Jay stopped her car to enjoy the view; in a minute the clouds would close up and it would be lost. There was a couple walking along the tow-path a quarter of a mile away. Even at that distance Jay recognised the woman. She got out of the car and called, ‘Leila!’
The woman looked up in Jay’s direction, blinded by the sunlight. Leaving the engine running, Jay scrambled down the wet grass of the embankment and ran to meet her only close friend outside the world of music. The other woman ran too so that they collided halfway and swung each other round, laughing with pleasure.
With her mass of dark curly hair, olive complexion, deep brown eyes and curvaceous figure, Leila Dor was often taken for an Egyptian but was a pied noir – a French citizen who had been born in Algiers, fled her troubled homeland in 1962 and then tried living in many countries before settling in the Dordogne. She was dressed as usual in vibrantly colourful clothes: a hand-painted anorak and paint-spattered jeans above red-and-yellow shoes.
She hugged Jay excitedly and called to her companion who was walking towards them along the river bank, ‘What a wonderful surprise! Merl, come and meet my best girlfriend in the whole world.’
She hugged Jay again, scolding her. ‘You should have told me you were coming, I’d have opened your house u
p and got some fires going.’
Leila’s stream of words poured out in all directions. ‘On second thoughts,’ she contradicted herself, ‘I’m glad you didn’t ring. A surprise is better.’
Her throaty accent which mixed Bab el-Oued, Brooklyn and Birmingham was only partly due to two packets of Gauloises a day. She coughed and blamed it on the weather. ‘Everyone in St Denis has la grippe, you’ll see. When did you get here?’
‘An hour ago,’ answered Jay. ‘I was just going into the village to buy some provisions and then give you a call to see if you were free for dinner tonight.’
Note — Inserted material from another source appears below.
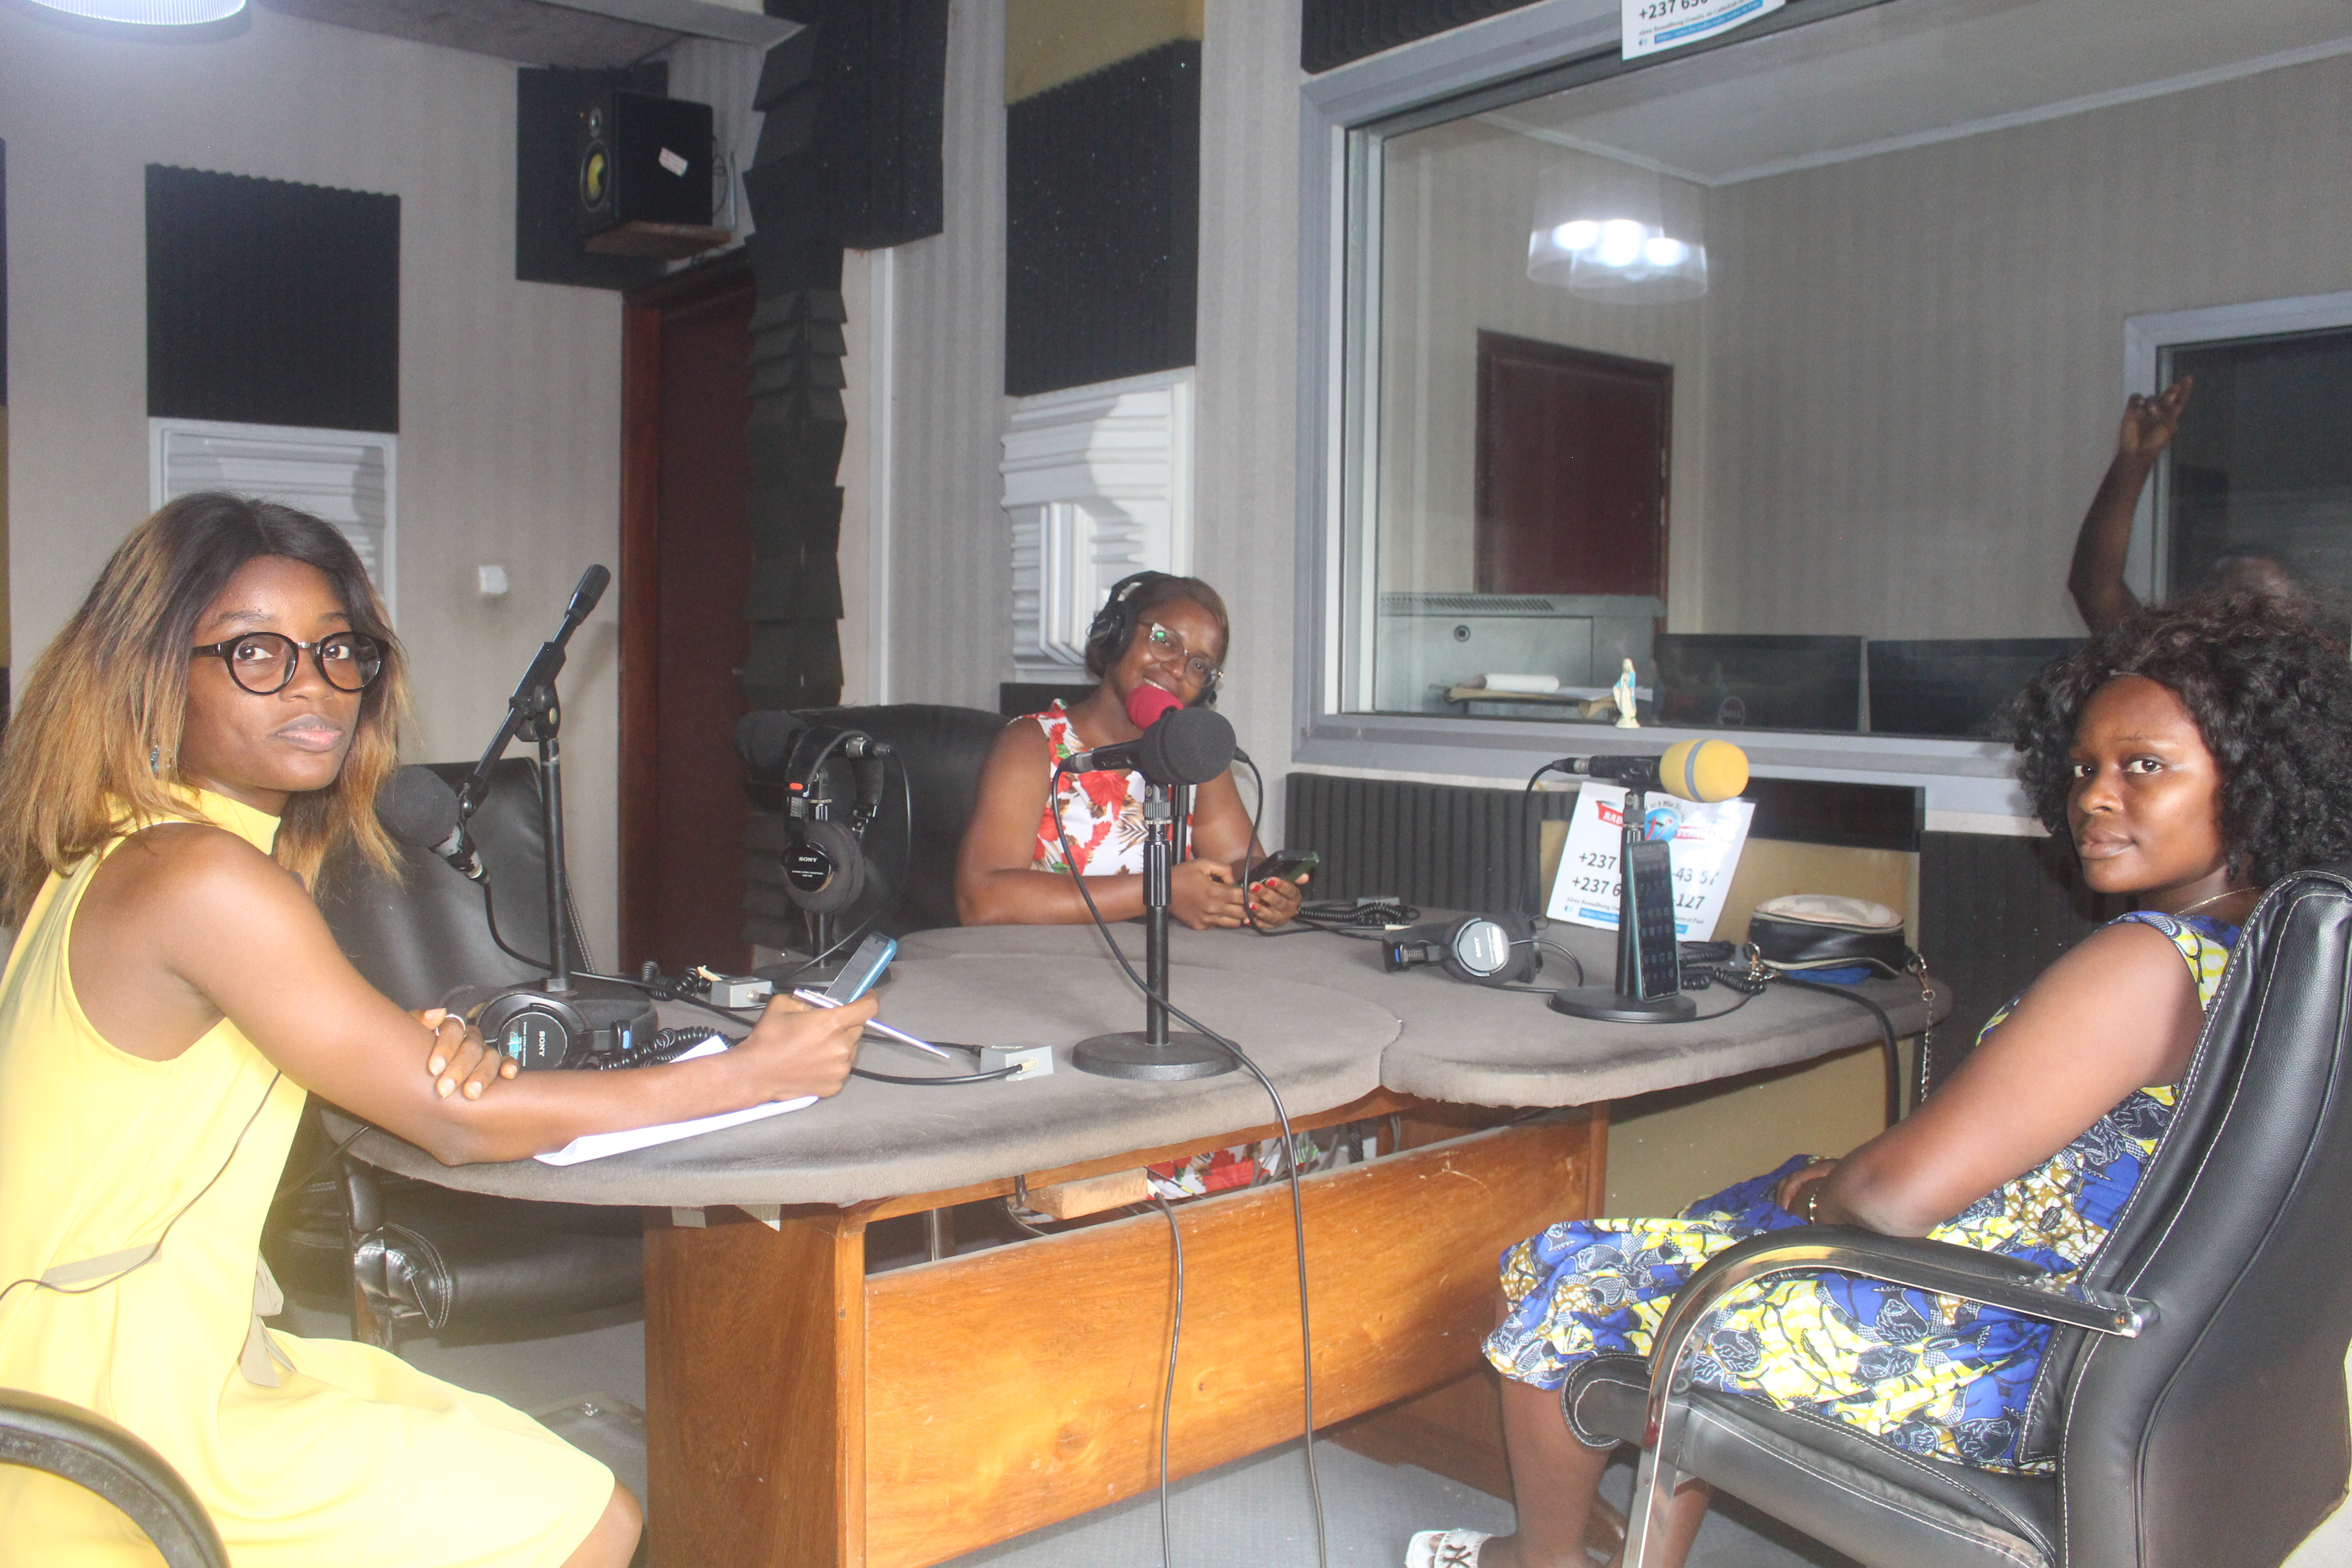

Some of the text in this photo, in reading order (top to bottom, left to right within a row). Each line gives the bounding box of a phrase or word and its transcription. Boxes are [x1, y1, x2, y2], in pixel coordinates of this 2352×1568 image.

‘Well, I would be,’ Leila drawled. ‘But you’re the second surprise visitor I’ve had today. Jay, this is Merlin Freeman, an American buddy of mine from way back – Greenwich Village, all that swinging scene, you know? And Merlin, meet an English friend: Jay French. Jay is a musician, a very good one too. She plays the flute.’
The man, who had been staring at Jay, turned on an easy smile and stretched out a hand to shake hers.
‘I know you,’ she blurted, taking in the tanned face, sexy brown eyes and dark, curly hair. From his looks, he could have been a relative of Leila’s.
Merlin’s shirt was open at the neck despite the cool wind, and his anorak was not zipped up. He stood just under six feet tall and had the easy stance of a man in good physical condition. There was something vaguely military about his bearing.
He grinned, showing perfect teeth, and shook his head: ‘I don’t think we’ve met. Music’s not my scene at all. I’m the type of ignoramus that thinks serial music is what you hear on a cornflake commercial.’
Jay stepped back. The sunlight bouncing off the river lit the scene like a floodlight. Her eyes searched Merlin’s face. ‘But I do know you,’ she insisted. ‘I know we’ve met.’